Pretoria crackdown on university financial bungling

四月 2, 1999

Six former all-black universities in South Africa are under government investigation in an effort to "stabilise" their finances and administration, as well as restore confidence.

The audits were announced by education minister Sibusiso Bengu during a parliamentary debate on his budget. He said staff shown not to be performing properly would be fired.

The universities being audited are Fort Hare, Transkei, North West, Zululand, the Medical University of South Africa, and the University of the North at Turfloop - all historically disadvantaged institutions that have suffered campus unrest.

"These diagnostic and remedial measures will be buttressed by an important programme of leadership development for chief executives, councils and student leaders," Professor Bengu said.

In parliament, the minister was polite about historically disadvantaged institutions. But a few days later he wrote a scathing article claiming that some of their leaders were invoking history to hide "patent mismanagement".

"Consider the simplistic and misleading equating of the non-payment of fees by students with the historical disadvantage of institutions. This flawed logic would be laughable if it was not advanced by eminent academics," he wrote. "Let us call the financial crises of some of our institutions what they really are - poor debt control and financial mismanagement."

Institutions should not expect the government to take responsibility for students who do not pay their fees, Professor Bengu continued. Rather, normal credit control measures should be applied.

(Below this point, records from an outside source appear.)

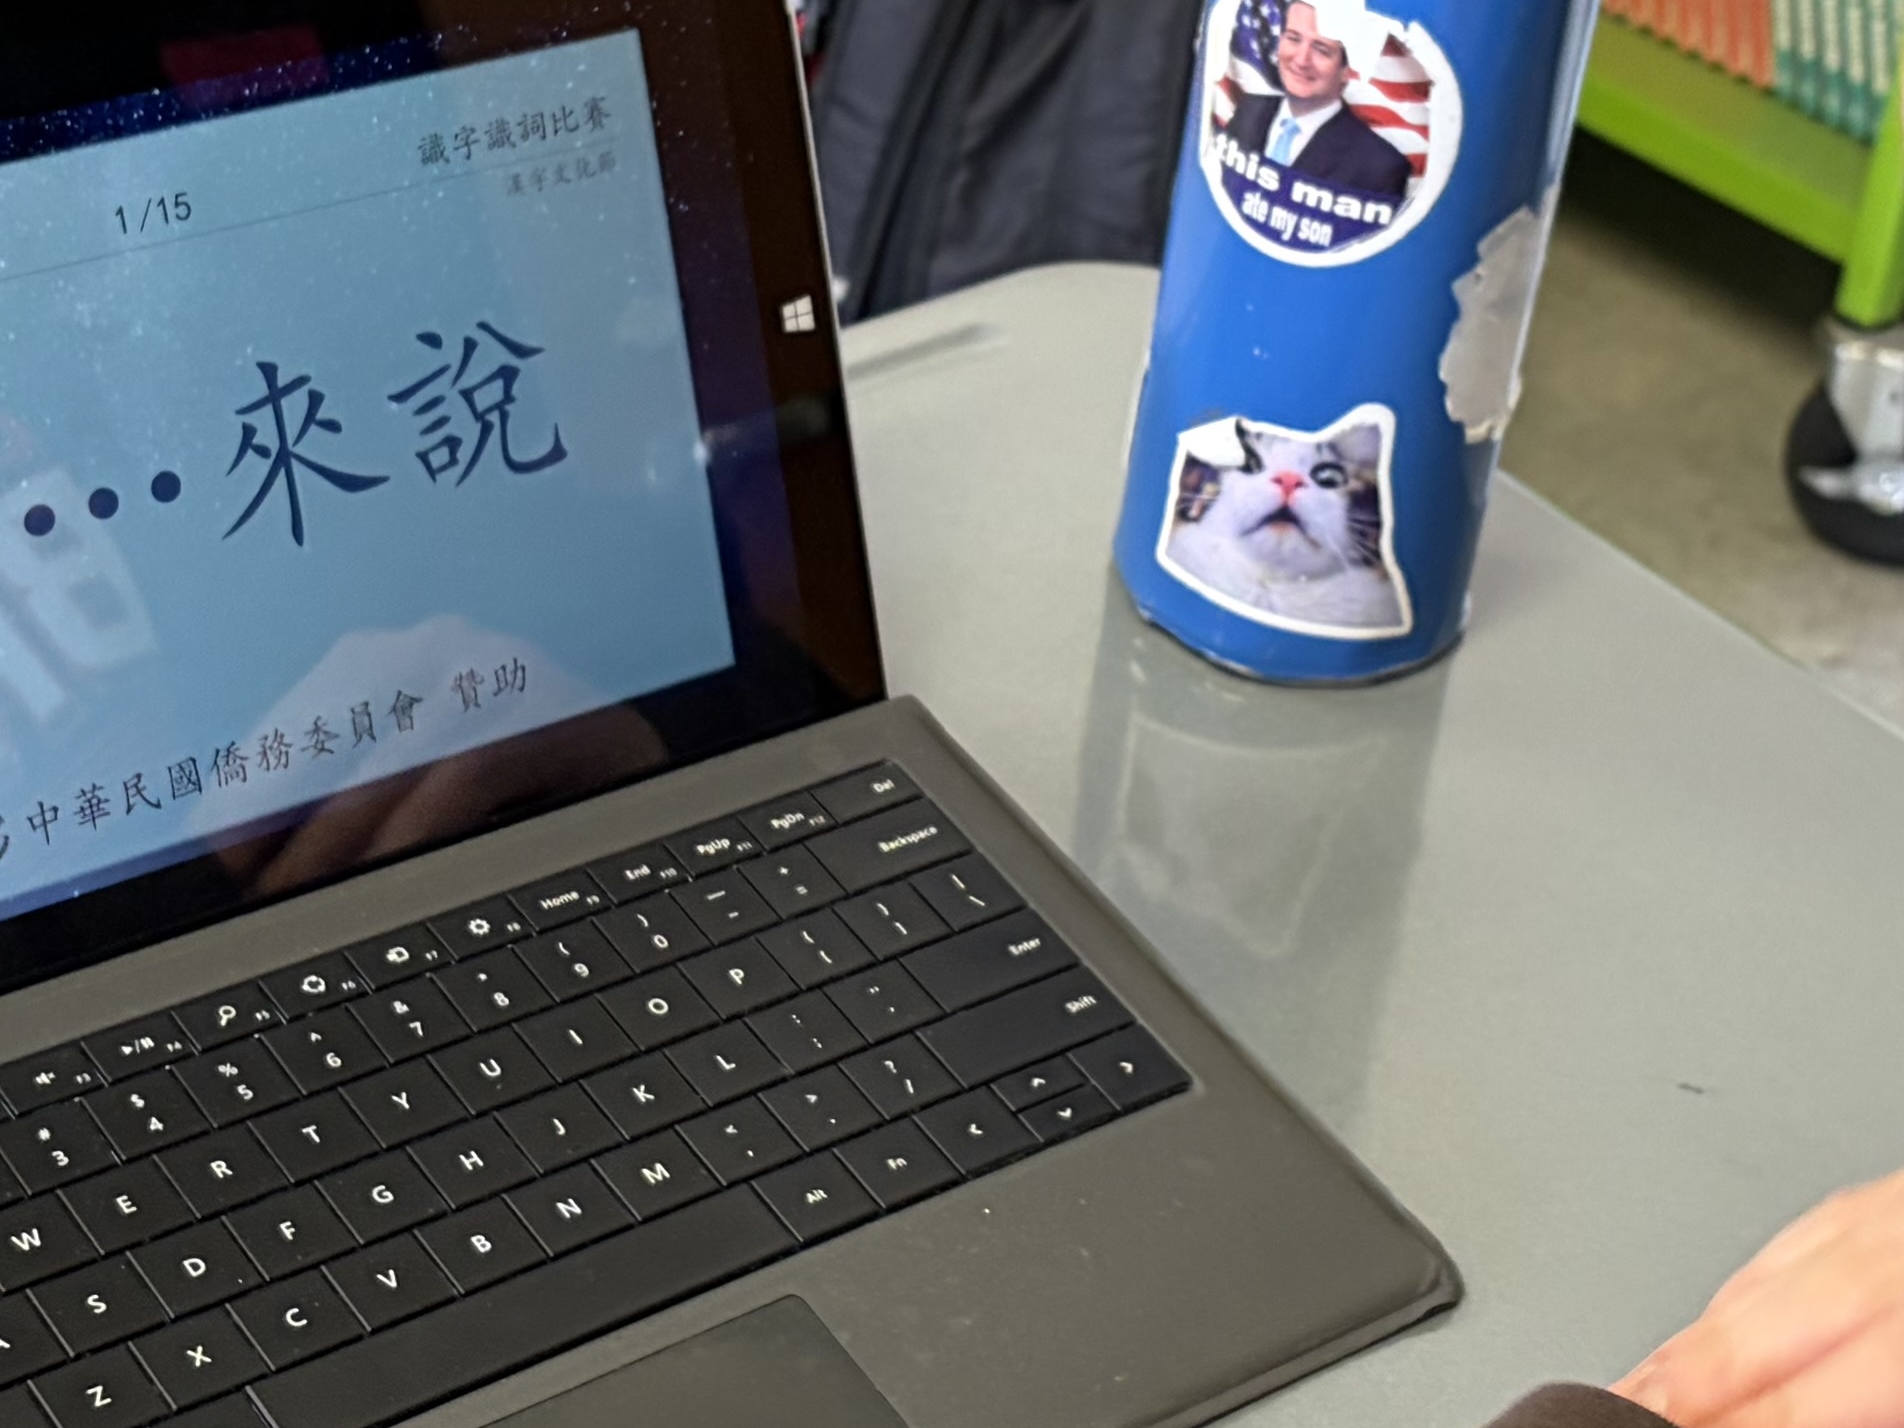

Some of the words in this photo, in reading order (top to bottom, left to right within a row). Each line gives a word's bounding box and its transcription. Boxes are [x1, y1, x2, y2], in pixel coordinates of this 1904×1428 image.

[417, 96, 612, 167] 識字識詞比賽
[1214, 134, 1280, 191] this
[1291, 180, 1392, 225] man
[1241, 192, 1269, 223] ate
[1270, 205, 1298, 241] my
[1297, 217, 1333, 247] son
[26, 689, 424, 846] 中華民國僑務委員會
[540, 891, 580, 910] Home
[696, 838, 731, 855] PgUp
[10, 1228, 42, 1251] W
[115, 1195, 137, 1214] E
[210, 1160, 233, 1179] R
[301, 1124, 321, 1143] T
[391, 1091, 410, 1110] Y
[479, 1058, 502, 1077] U
[647, 997, 669, 1015] O
[728, 968, 745, 985] P
[51, 1150, 69, 1167] 3
[149, 1116, 164, 1131] 4
[236, 1084, 254, 1100] 5
[325, 1052, 342, 1068] 6
[409, 1021, 424, 1037] 7
[493, 992, 510, 1007] 8
[573, 963, 590, 978] 9
[653, 934, 669, 949] 0
[86, 1294, 107, 1314] S
[182, 1257, 206, 1278] D
[279, 1221, 296, 1240] F
[371, 1184, 394, 1204] G
[459, 1150, 484, 1171] H
[553, 1118, 566, 1136] J
[632, 1084, 655, 1103] K
[715, 1055, 736, 1070] L
[86, 1385, 112, 1408] Z
[186, 1345, 212, 1367] X
[285, 1307, 308, 1327] C
[376, 1269, 398, 1288] V
[470, 1234, 492, 1253] B
[556, 1198, 582, 1219] N
[641, 1162, 671, 1184] M
[1065, 995, 1097, 1013] Shift
[806, 1189, 828, 1204] Alt
[887, 1157, 908, 1170] Fn
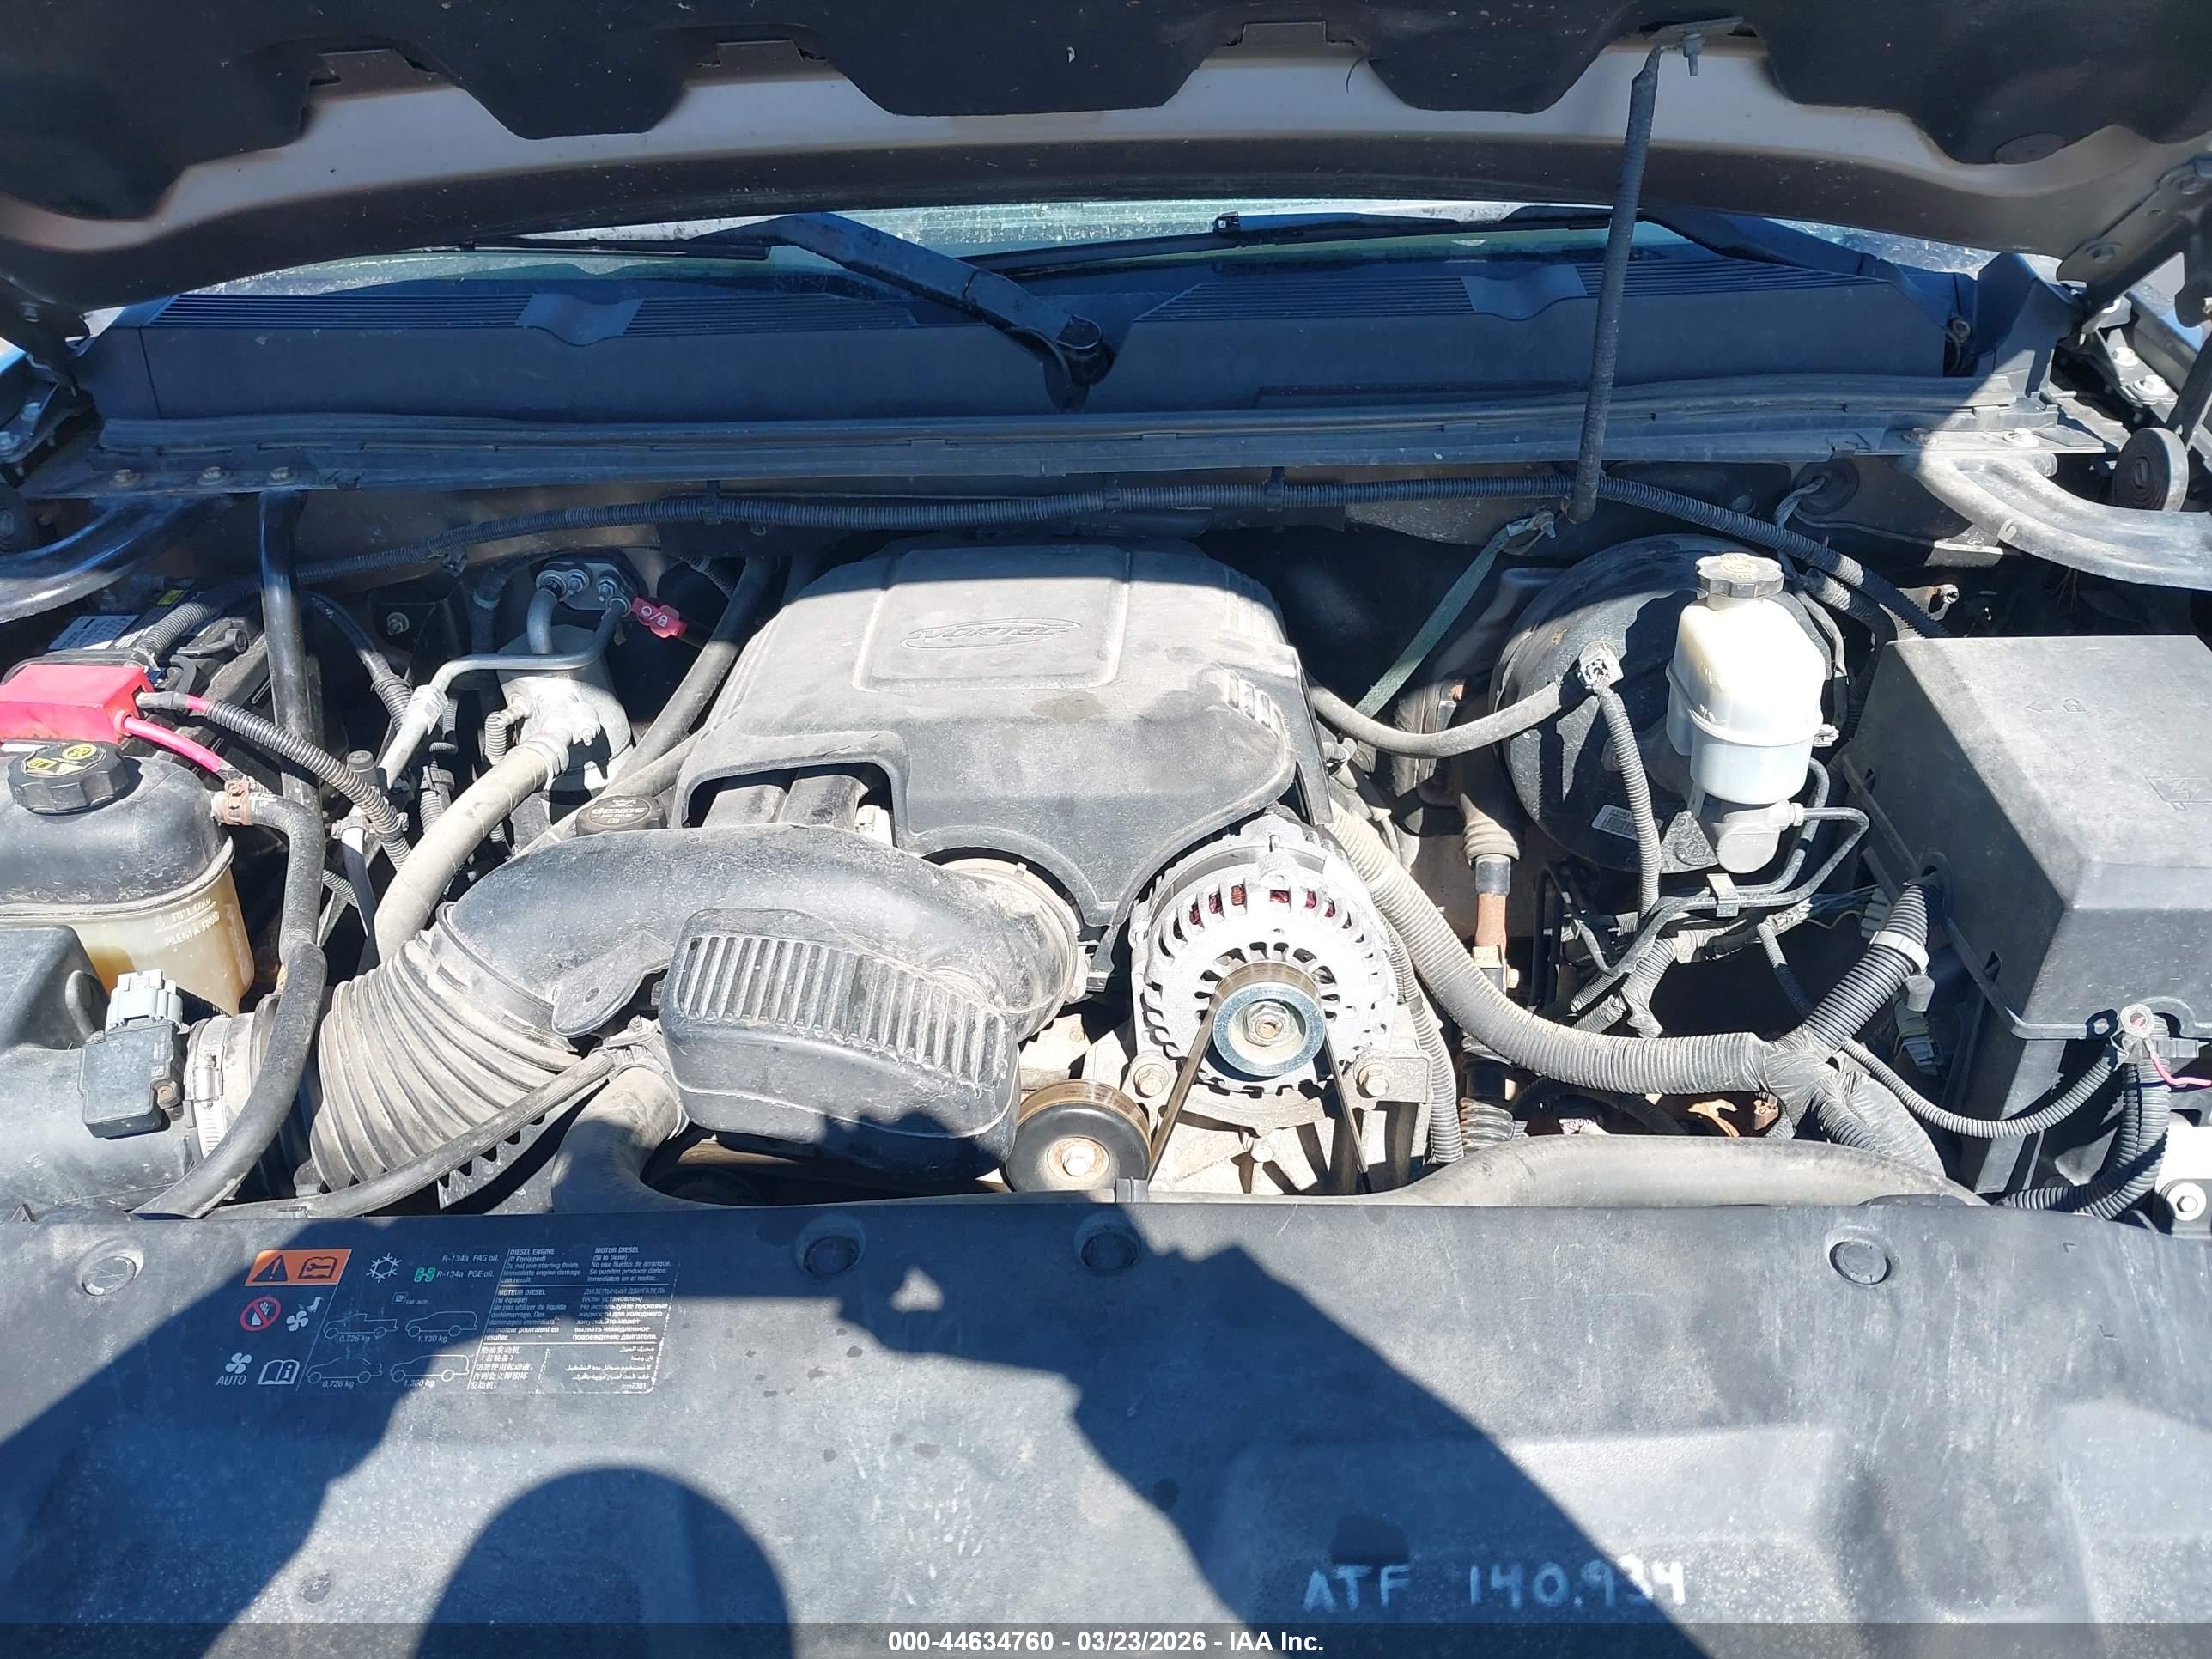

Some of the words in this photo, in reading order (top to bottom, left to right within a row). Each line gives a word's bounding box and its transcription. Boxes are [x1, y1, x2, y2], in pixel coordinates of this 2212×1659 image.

Weak financial controls and poor management systems characterised failing universities. "The time has come for our institutions to be subjected to rigorous scrutiny to determine the incidence of fiscal corruption."

Vice-chancellors of historically black institutions have called repeatedly for a "Marshall plan" - mainly large cash injections - to alleviate their financial predicaments. Professor Bengu argued that it might not be morally justifiable to pump large amounts of taxpayers' money into institutions with inept financial management.

The government has, through the Higher Education Act, earmarking financial allocations and redress funding - "fulfilling the constitutional imperative to facilitate equity and development in historically deprived institutions. Beyond that, our institutions' individual and collective academic acumen has to see them forward."

The government will spend R6.6 billion (Pounds 650 million) on higher education this year. South Africa's 21 universities will get R4.4 billion, up 8 per cent on last year, while the growing technikon sector will receive R1.7 billion, up 12 per cent.

Historically white universities will receive the highest levels of funding, which is based on student numbers and pass rates.

The University of Pretoria, which now has 40,000 students, will get the highest subsidy of R539 million.